On May 1, 2023, the following letter was shared with Illumina’s shareholders in connection with Illumina’s 2023 Annual Meeting of Stockholders:



VOTE USING THE WHITE PROXY CARD TODAY IN SUPPORT OF ILLUMINA’S NINE HIGHLY QUALIFIED DIRECTORS


May 1, 2023

Dear Shareholder,

Our Board of Directors remains committed to delivering value to shareholders and executing our innovation roadmap. We thank you for your continued trust and investment at this crucial juncture.

Over the last two and a half decades, Illumina has maintained leadership in research and clinical genomics. Illumina leads the Next-Generation Sequencing (NGS) industry and is an important player and driver of innovation, as demonstrated by products like NovaSeqTM X, a revolutionary sequencer. We are the only pure-play genomics company with profitable revenue growth.


Illumina has a proven strategy to penetrate markets and catalyze new opportunities

Innovation has been key to our success over the last 25 years. Our continuous innovation has enabled new applications across multiple vectors, expanding the genomics diagnostic tools market and our leadership position.

We have scaled profitable growth through a four-point playbook: 1) deliver breakthrough technology to win sequencing business, 2) deliver end-to-end services in large clinical markets, 3) accelerate clinical adoption, and 4) innovate to create new addressable markets. Our consistent application of this strategy reinforces and expands our global leadership position in genetic sequencing, keeping us at the forefront of genomics.

We have dramatically increased the affordability, efficiency, and accuracy of genomic sequencing across the world with the launch of the NovaSeqTM X Series, our latest high-throughput instrument.

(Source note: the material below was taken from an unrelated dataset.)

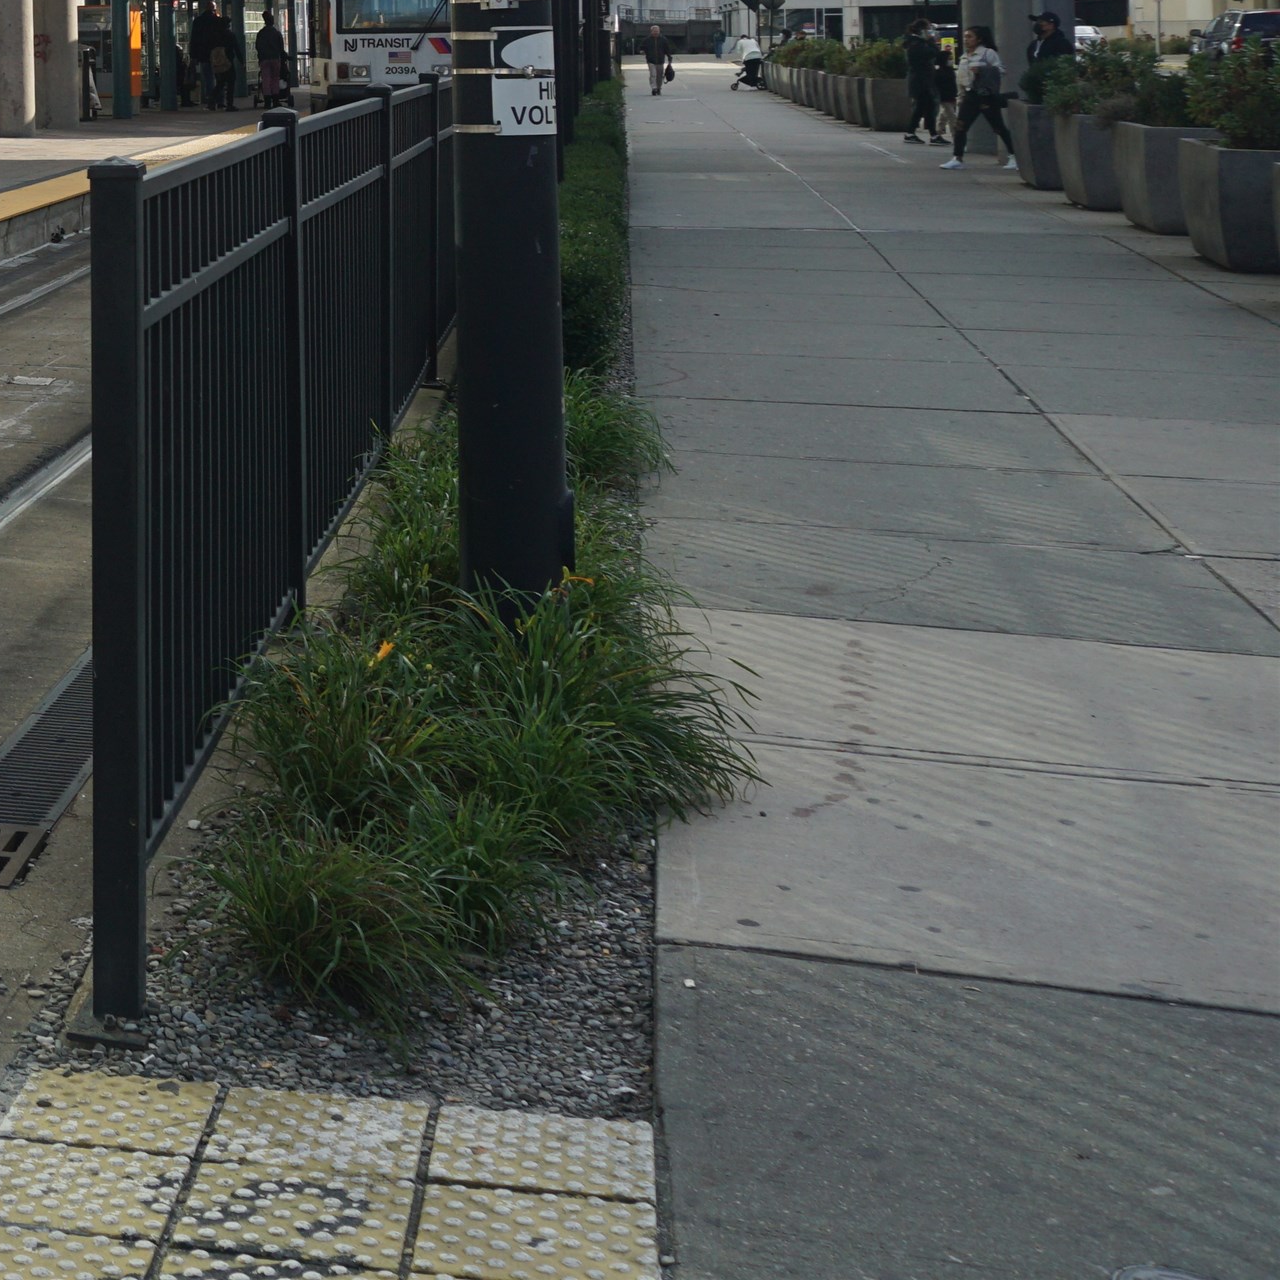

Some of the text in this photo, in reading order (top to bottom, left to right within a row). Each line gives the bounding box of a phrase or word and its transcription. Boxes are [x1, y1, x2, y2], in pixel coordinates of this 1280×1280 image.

We expect the launch of NovaSeqTM X, the execution of our strategic playbook, and our commitment to managing costs, will deliver long-term Core Illumina revenue growth in the mid-teens and non-GAAP operating profit growth in the high teens.

We are proud of the advances we have made to maximize patient impact, empower genomic breakthroughs, and deliver significant value to shareholders.

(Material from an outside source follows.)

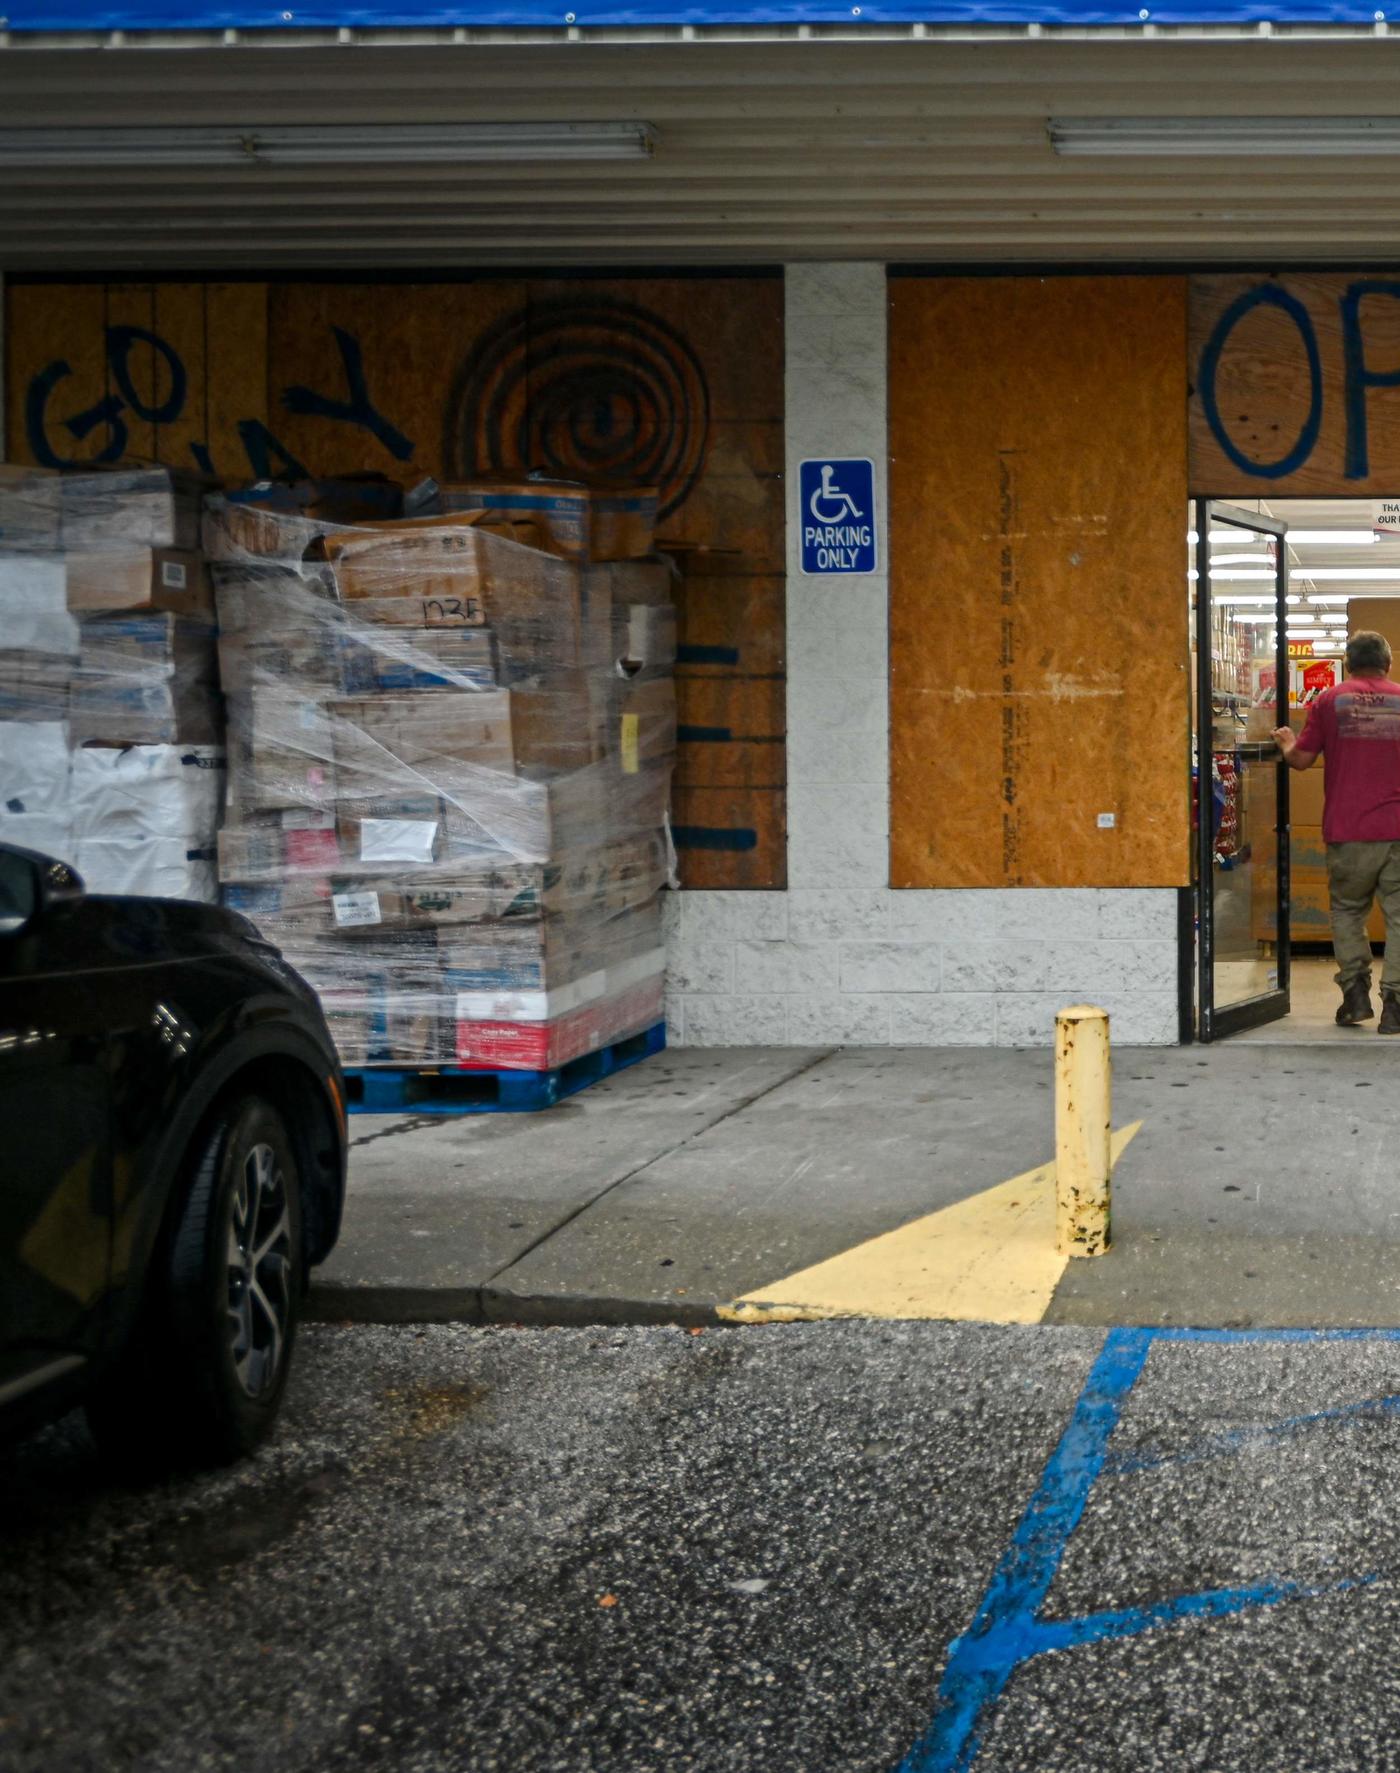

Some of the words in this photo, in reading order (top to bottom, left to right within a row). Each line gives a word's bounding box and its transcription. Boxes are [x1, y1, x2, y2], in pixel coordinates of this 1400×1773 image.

[25, 325, 188, 469] GO
[1377, 515, 1397, 524] OUR
[804, 525, 871, 547] PARKING
[817, 547, 859, 569] ONLY

For Illumina to continue on this proven path to success, it is crucial that you vote this year for Illumina’s nominees to the Board of Directors. We request our shareholders to use the WHITE proxy card to vote FOR only Illumina’s nine highly qualified nominees. Your vote FOR our nominees using the WHITE card is critically important – no matter how many or how few shares you may own. As you may have heard, activist investor Carl Icahn has launched a self-serving and deliberately misleading campaign against our company, and we urge you to discard any gold proxy card you may have received from Icahn’s group and only vote the WHITE proxy card.





Strong NovaSeqTM X shipments exceeded expectations and drove solid first quarter results and Illumina commits to further reduce costs and accelerate expansion of operating margins

On April 25, the company reported first quarter financial results for fiscal year 2023 that exceeded analysts’ estimates. Our results showed particularly strong demand for NovaSeqTM X and sequential revenue growth. The company also announced a commitment to further reduce annualized run-rate expenses by more than $100 million beginning later in 2023. In addition, we committed to achieving Core Illumina non-GAAP operating margins of 25% in 2024 and 27% in 20251, while maintaining investment in the key elements of our innovation roadmap.

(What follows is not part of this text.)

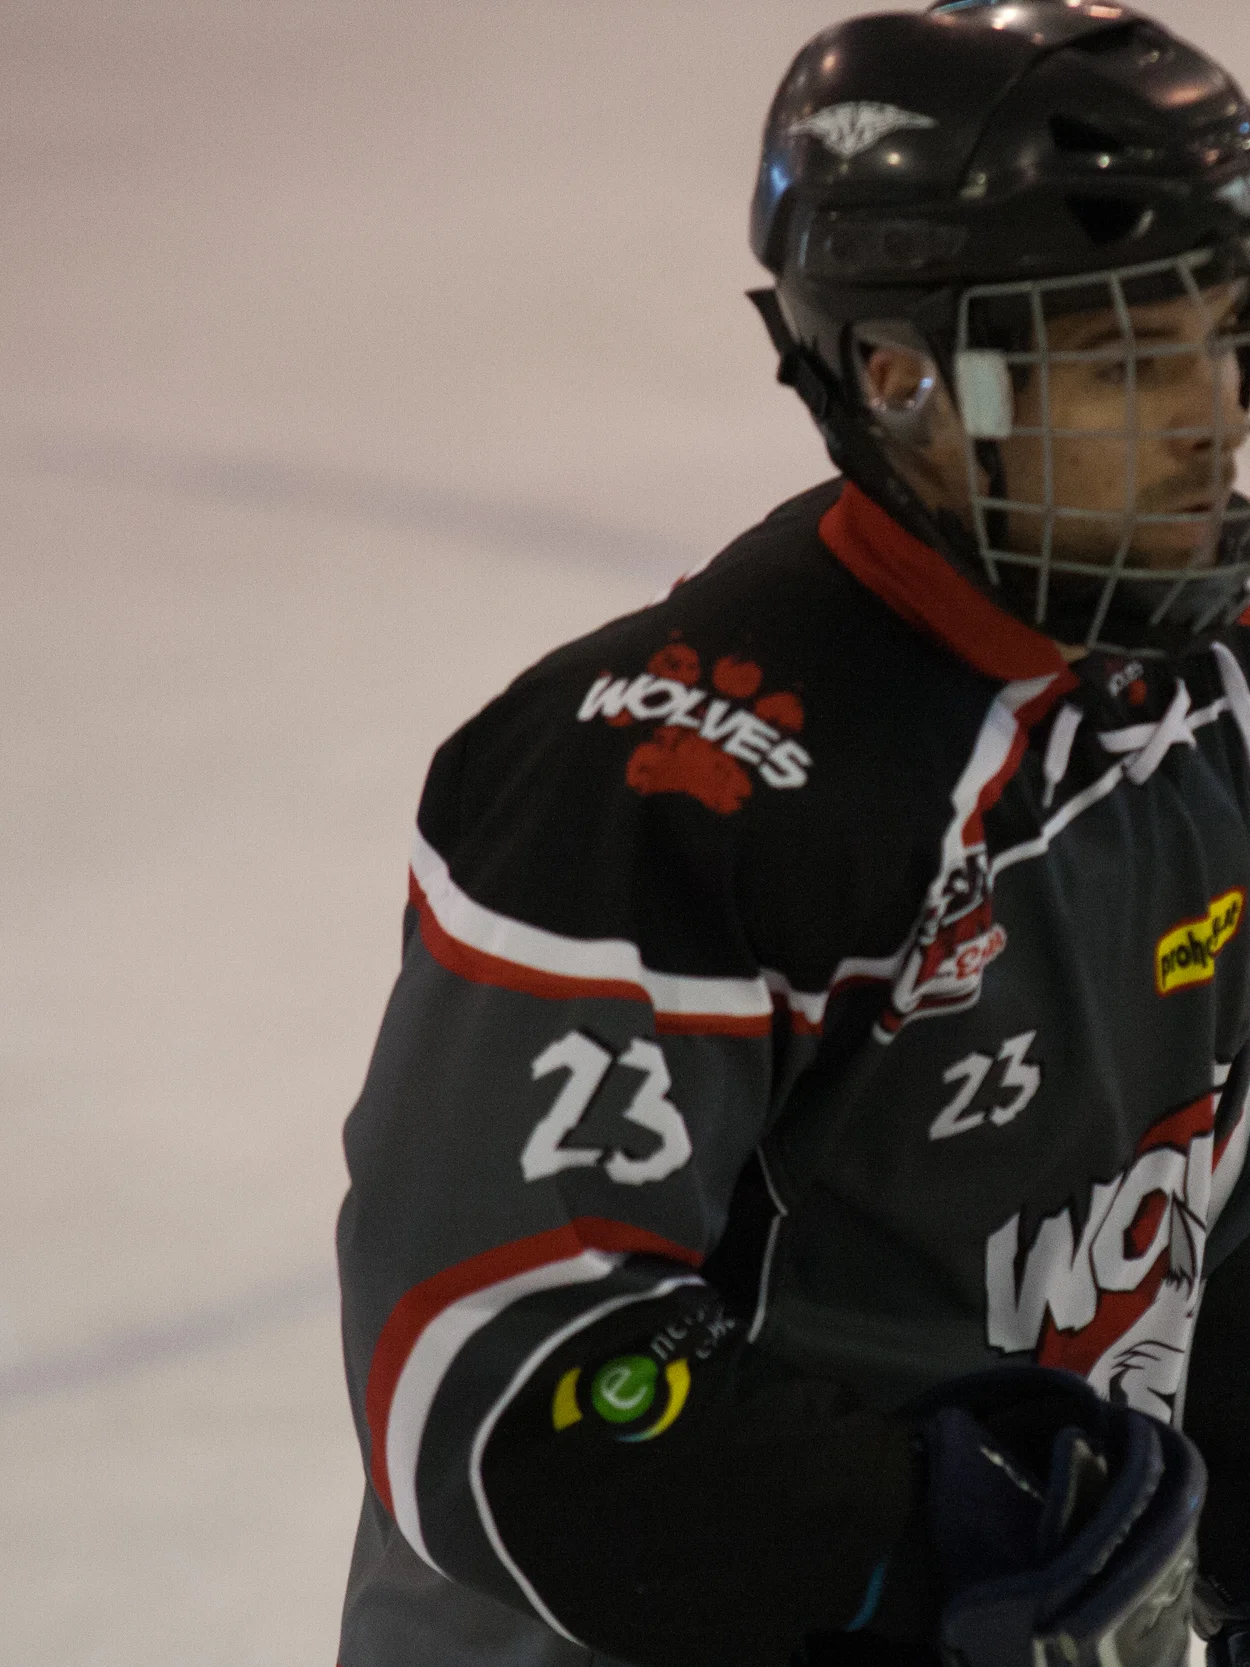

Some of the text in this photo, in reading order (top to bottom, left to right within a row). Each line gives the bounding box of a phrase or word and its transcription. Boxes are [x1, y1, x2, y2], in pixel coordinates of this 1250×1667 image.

We continue to see strong demand and expect Core Illumina revenue to ramp sequentially throughout 2023. For the 2023 fiscal year, we reiterated consolidated revenue guidance of 7% to 10% growth from 2022, including Core Illumina revenue growth of 6% to 9% and GRAIL revenue in the range of $90 million to $110 million.

We are focused on delivering durable results through a balanced investment approach in breakthrough innovations for future growth, while delivering operating leverage through disciplined expense management across the organization.

With regard to our more than $100 million annualized cost reduction commitment, we expect to realize these savings through a combination of several actions, including leveraging the recent modularization of R&D innovation to lower the cost and accelerate time to market for future platforms, leveraging our global footprint to enable activities at more cost-effective hubs, accelerating IT optimization efforts, and streamlining our organization and processes.

We expect these improvements to be durable and believe this commitment sets Illumina on the best path to deliver long-term sustainable success for our shareholders.

Relative total shareholder return (rTSR) metric added to executive compensation

In order to strengthen the alignment of Illumina’s executive compensation program with shareholder returns, the Board’s Compensation Committee, after reviewing current market practices and in consultation with its independent compensation consultant, added a rTSR metric to a portion of the annual performance share units (PSUs) granted in 2023, which were awarded alongside grants of PSUs with an EPS metric as in prior years. This will ensure that Illumina executives continue to be motivated to drive strong financial performance while further aligning the compensation they receive with the returns received by our shareholders. To that end, Illumina’s CEO’s compensation is 96% at-risk and tied to performance. The Board and Compensation Committee will continue to evaluate the link between executive compensation and shareholder returns and whether additional changes are desirable in order to strengthen this link.

GRAIL strategy

GRAIL is a growth engine with unprecedented potential for Illumina, and it continues our strategy of platform-enhancing acquisitions that ultimately accelerate growth and deliver value for shareholders.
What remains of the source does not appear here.